_TASK TO CARRY OUT_
With pictures omitted, output the records below exactly as they appear.

_RECORDS SUPPLIED_
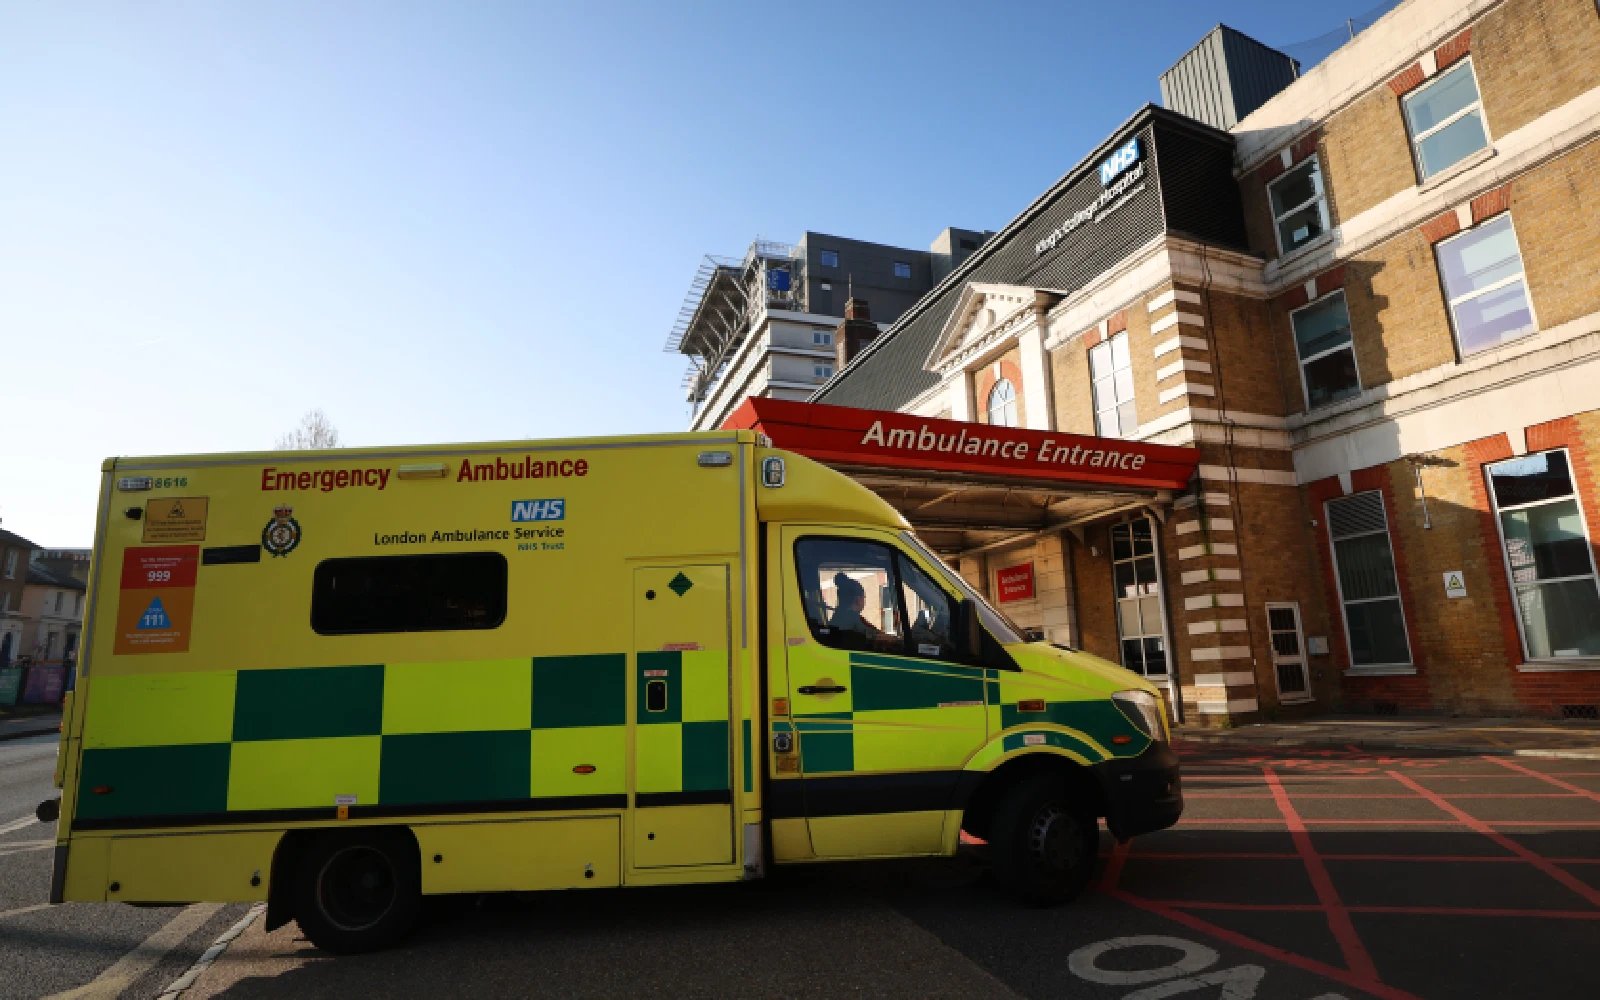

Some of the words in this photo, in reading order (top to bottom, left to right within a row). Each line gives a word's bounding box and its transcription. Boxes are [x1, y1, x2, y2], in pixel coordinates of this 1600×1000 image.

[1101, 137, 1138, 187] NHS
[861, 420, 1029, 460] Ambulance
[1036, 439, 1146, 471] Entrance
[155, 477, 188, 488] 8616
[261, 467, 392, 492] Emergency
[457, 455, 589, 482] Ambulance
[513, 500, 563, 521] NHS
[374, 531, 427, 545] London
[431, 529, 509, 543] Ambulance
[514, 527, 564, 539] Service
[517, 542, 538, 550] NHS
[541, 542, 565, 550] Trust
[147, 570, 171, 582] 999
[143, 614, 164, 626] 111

_EXERCISE SOLUTION_
Some of the words in this photo, in reading order (top to bottom, left to right within a row). Each line gives a word's bounding box and its transcription. Boxes are [x1, y1, x2, y2], in pixel coordinates of this 1600×1000 image.

[1101, 137, 1138, 187] NHS
[861, 420, 1029, 460] Ambulance
[1036, 439, 1146, 471] Entrance
[155, 477, 188, 488] 8616
[261, 467, 392, 492] Emergency
[457, 455, 589, 482] Ambulance
[513, 500, 563, 521] NHS
[374, 531, 427, 545] London
[431, 529, 509, 543] Ambulance
[514, 527, 564, 539] Service
[517, 542, 538, 550] NHS
[541, 542, 565, 550] Trust
[147, 570, 171, 582] 999
[143, 614, 164, 626] 111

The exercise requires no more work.